Google OpenRL Tames AI Model Tuning, Kubernetes-Style
Google has created OpenRL to manage the fine-tuning of large language models (LLMs) in much the same way its Kubernetes container orchestrator streamlines the management of containers.
An open source project from the labs of Google Kubernetes Engine (GKE), OpenRL consolidates many of the discrete operations required to finalize a model through reinforcement learning (RL).
The final stage of building a model, fine-tuning requires a lot of coordination. Datasets must be selected and cleansed. Hardware must be provisioned. Training loops must be debugged. Reward signals must be managed. Inference mismatches need to be dealt with.
Google has found that “decoupling the infrastructure from AI research can make these problems more tractable,” wrote GKE engineers Sunil Arora, Shuby Mishra and Chuang Wang, in a blog post introducing the technology.
“Kubernetes abstracted out the infrastructure and made application developers and SREs life easier,” the trio wrote. Also developed by Google and released as open source, Kubernetes provides a single (albeit somewhat complex) interface for managing fleets of containers (and, later, other cloud-native resources) on a set of cloud compute resources.
Other frameworks have been built to manage model creation workflow in distributed environments, though none offers much in the way of infrastructure management. OpenRLHF runs on the Ray distributed controller and the vLLM inference and serving library. Slime offers post-training management with the SGLang serving framework and NVIDIA’s Megatron training library.
These stacks are tailored for training logic, and though they can be run on Kubernetes, they don’t offer much in the way of the hardware-level abstraction needed to streamline production-level model creation and maintenance. OpenRL understands Kubernetes natively.

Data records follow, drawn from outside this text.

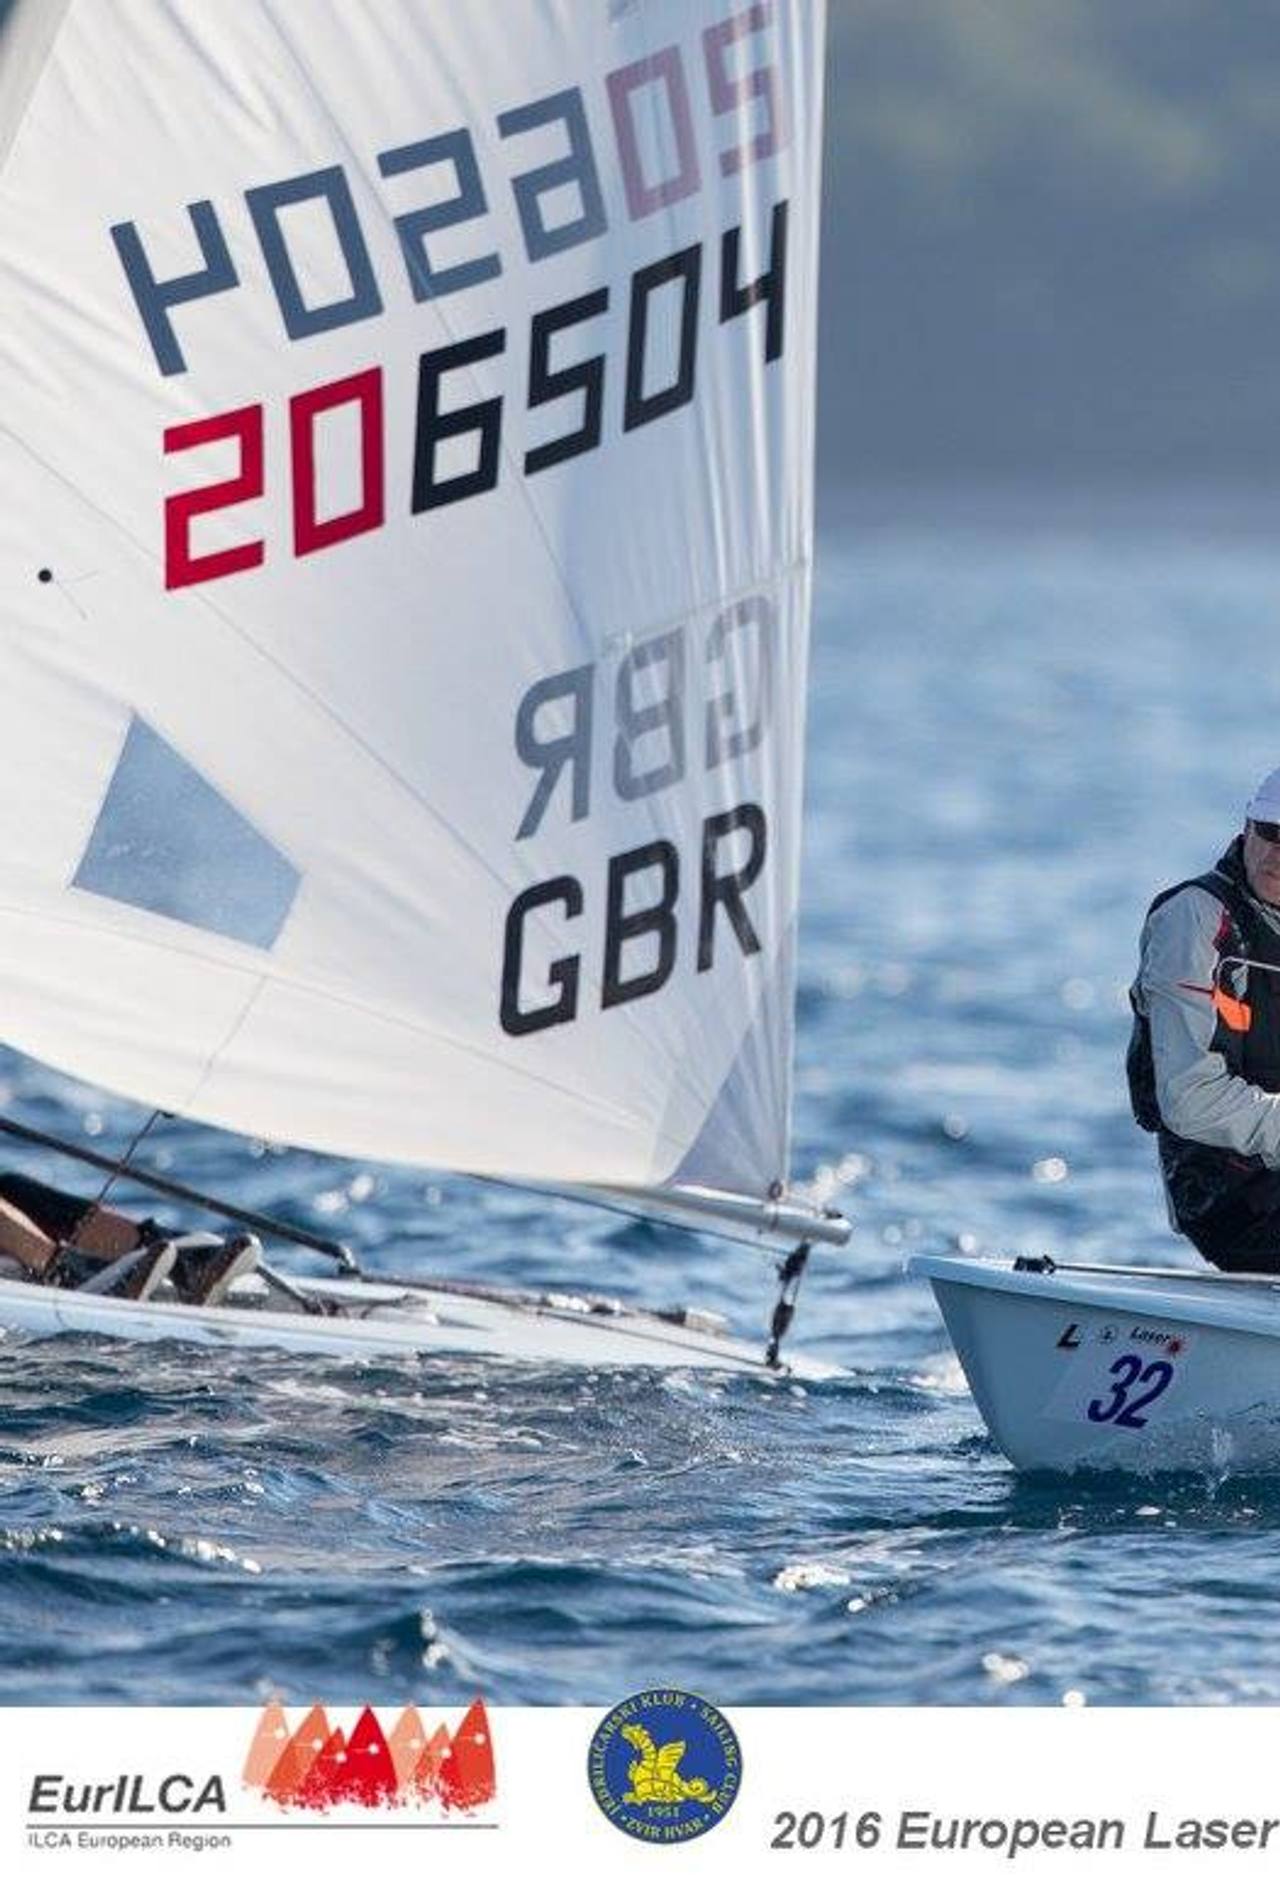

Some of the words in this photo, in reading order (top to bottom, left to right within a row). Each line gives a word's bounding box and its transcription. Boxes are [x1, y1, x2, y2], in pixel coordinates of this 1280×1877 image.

[163, 200, 788, 592] 206504
[500, 803, 768, 1037] GBR
[1087, 1354, 1174, 1429] 32
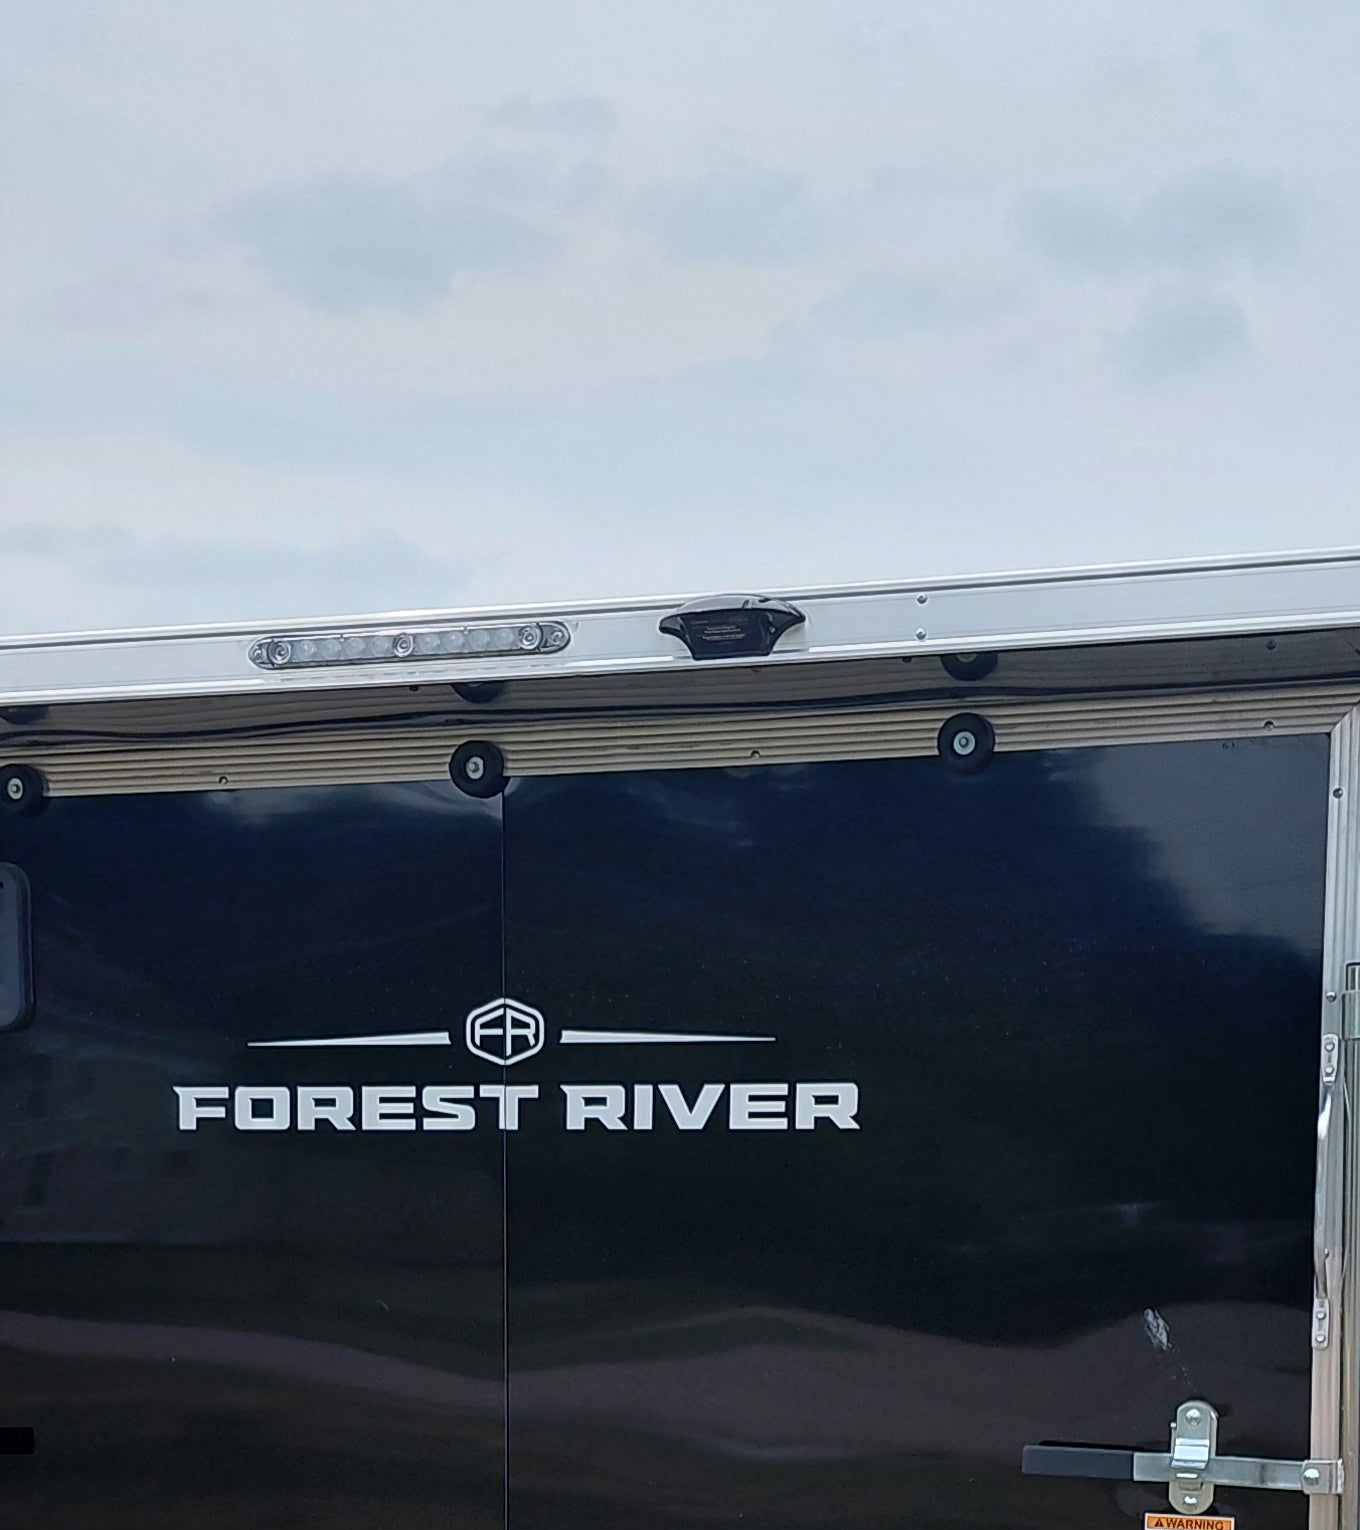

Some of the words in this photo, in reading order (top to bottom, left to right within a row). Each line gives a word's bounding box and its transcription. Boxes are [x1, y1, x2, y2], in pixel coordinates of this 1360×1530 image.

[474, 1007, 537, 1056] FR
[173, 1084, 539, 1131] FOREST
[560, 1083, 860, 1131] RIVER
[1166, 1518, 1224, 1530] WARNING
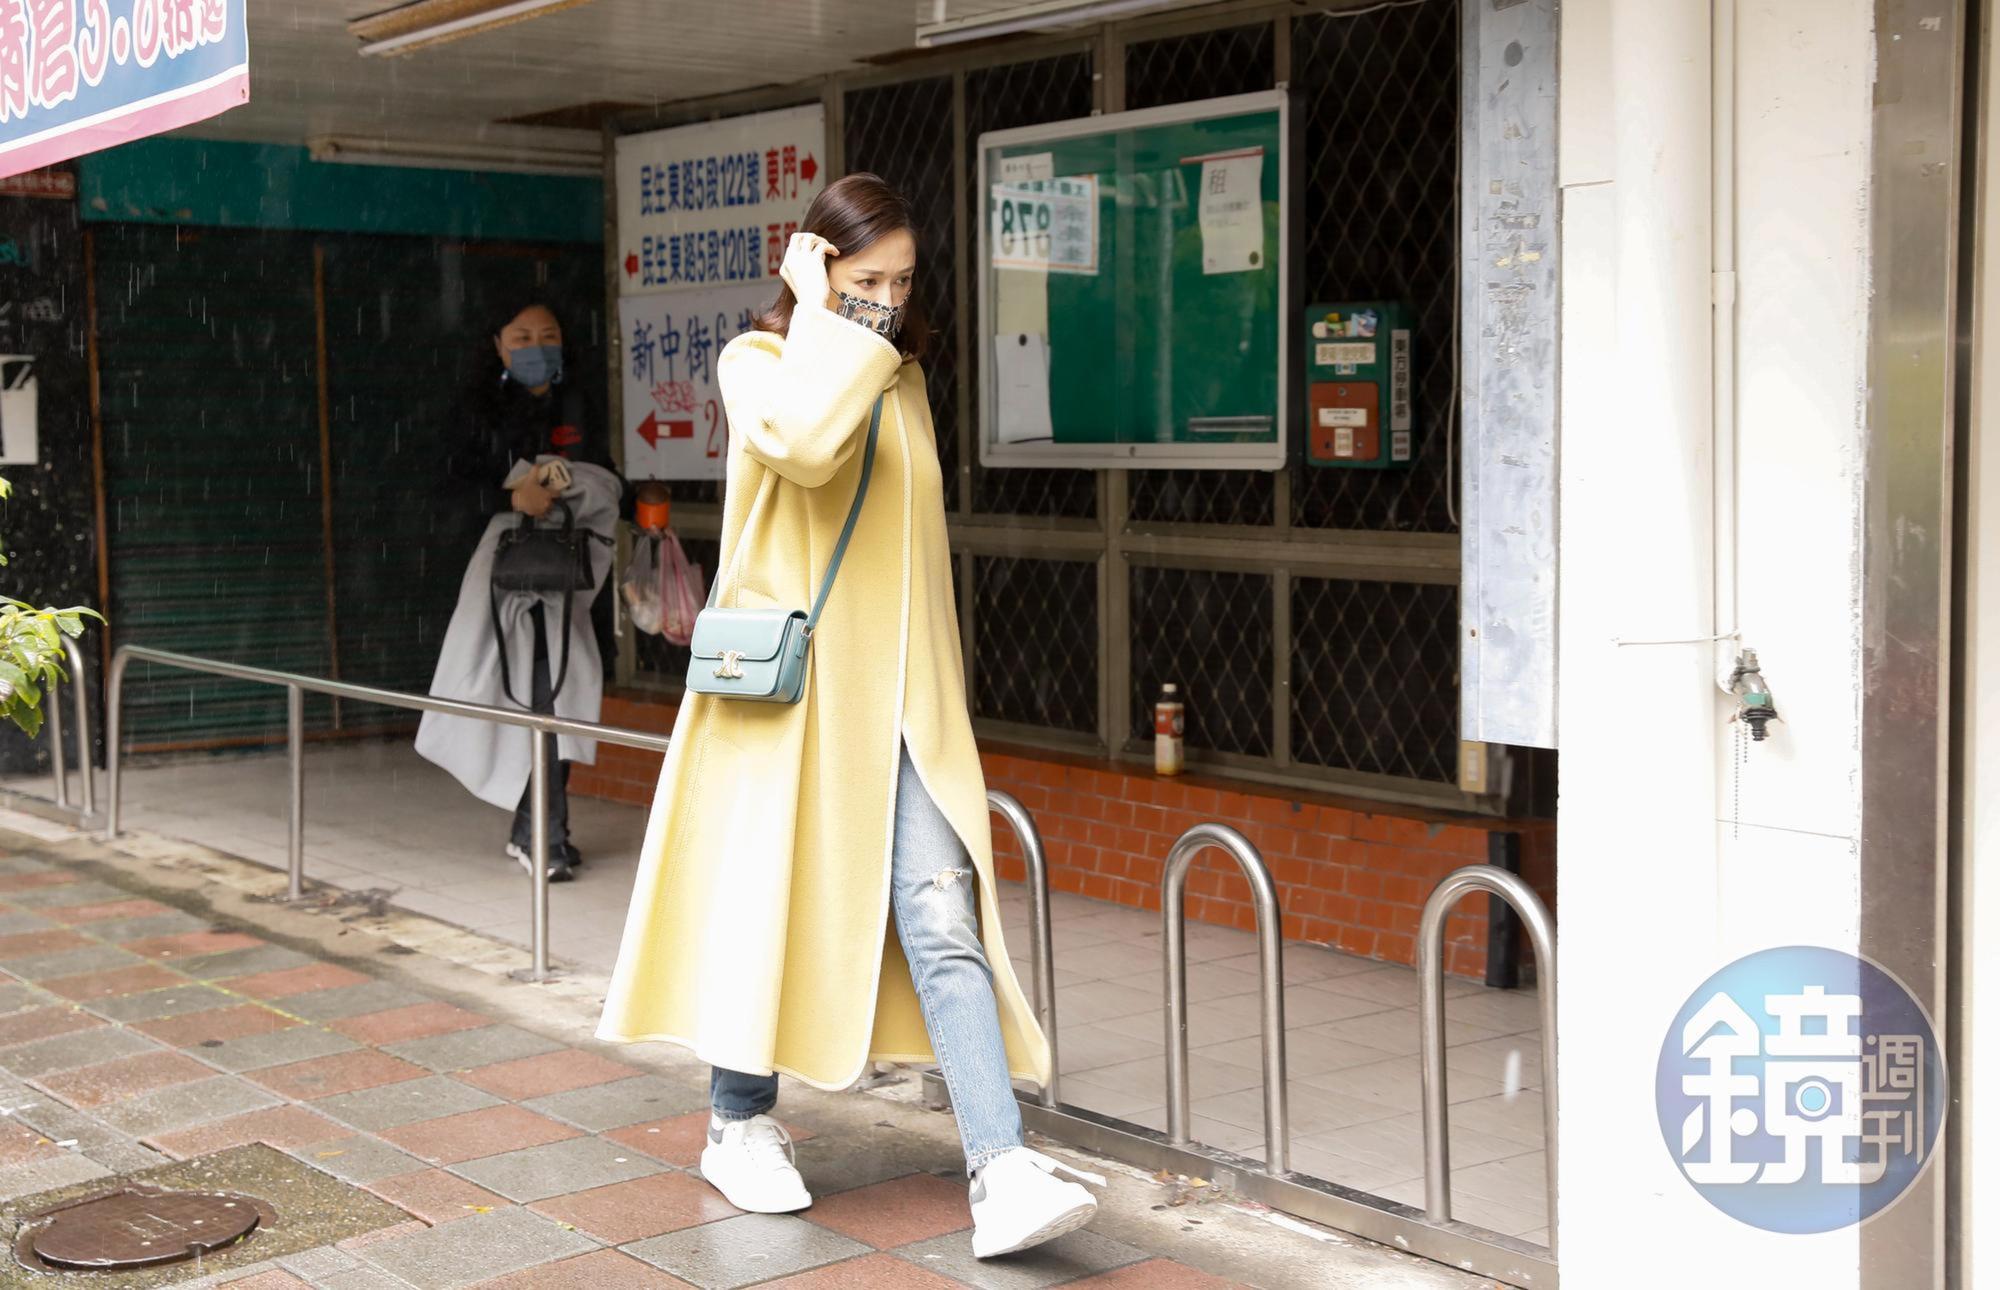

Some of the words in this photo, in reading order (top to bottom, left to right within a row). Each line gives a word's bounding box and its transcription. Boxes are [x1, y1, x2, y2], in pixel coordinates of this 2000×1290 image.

Tinker Provides the Base for OpenRL
To build OpenRL, Google implemented the Tinker design pattern from Thinking Machines. This approach provides four APIs, each covering a different aspect of the fine-tuning process.
One API covers the transfer of data in and out of the training environment. A second API updates model weights. A third can be called to generate samples, and the fourth API saves the weights.
“Once you separate out the infrastructure behind the APIs, you start to see the gains in user experience of developing the RL loop because AI researchers no longer have to wrangle the complex Python dependencies like CUDA,” the researchers wrote.
Getting More From Your GPUs
Once an organization commits to managing their own models, they will need to procure some GPUs, either in-house or through a cloud or a neocloud provider. So it is incumbent upon these orgs to keep those GPUs humming with work. OpenRL can help here as well.
Running jobs one at a time isn’t very efficient, given that the RL loops are strictly sequential. “The trainer waits for the sampler to finish rollouts, the sampler waits for the environment to score rewards (which is often bound by slow CPU/network tasks), and the whole loop sits blocked,” the Google team wrote.
Using the self-hosted OpenRL, ML developers can run multiple RL jobs concurrently, maximizing GPU usage. They can manage their RL loops on their own local machines, and draw compute from the training APIs running on Kubernetes clusters.
To help organizations get started on concurrency, Google has also posted an autoresearch recipe (inspired heavily by Andrej Karpathy‘s work) that shows how to run experiments in parallel with the help of agents. Users can also peruse the Tinker Cookbook for other ML-building recipes.
In 2017, Google released an internal project, called KubeFlow, that can be used to operationalize the entire ML development lifecycle on Kubernetes.
Google hasn’t released any documentation yet about how OpenRL could be plugged into KubeFlow’s pipeline, where it would manage the fine-tuning part of the workflow. But if the project proves to be a success, no doubt someone will suss out the details to integrate the two projects.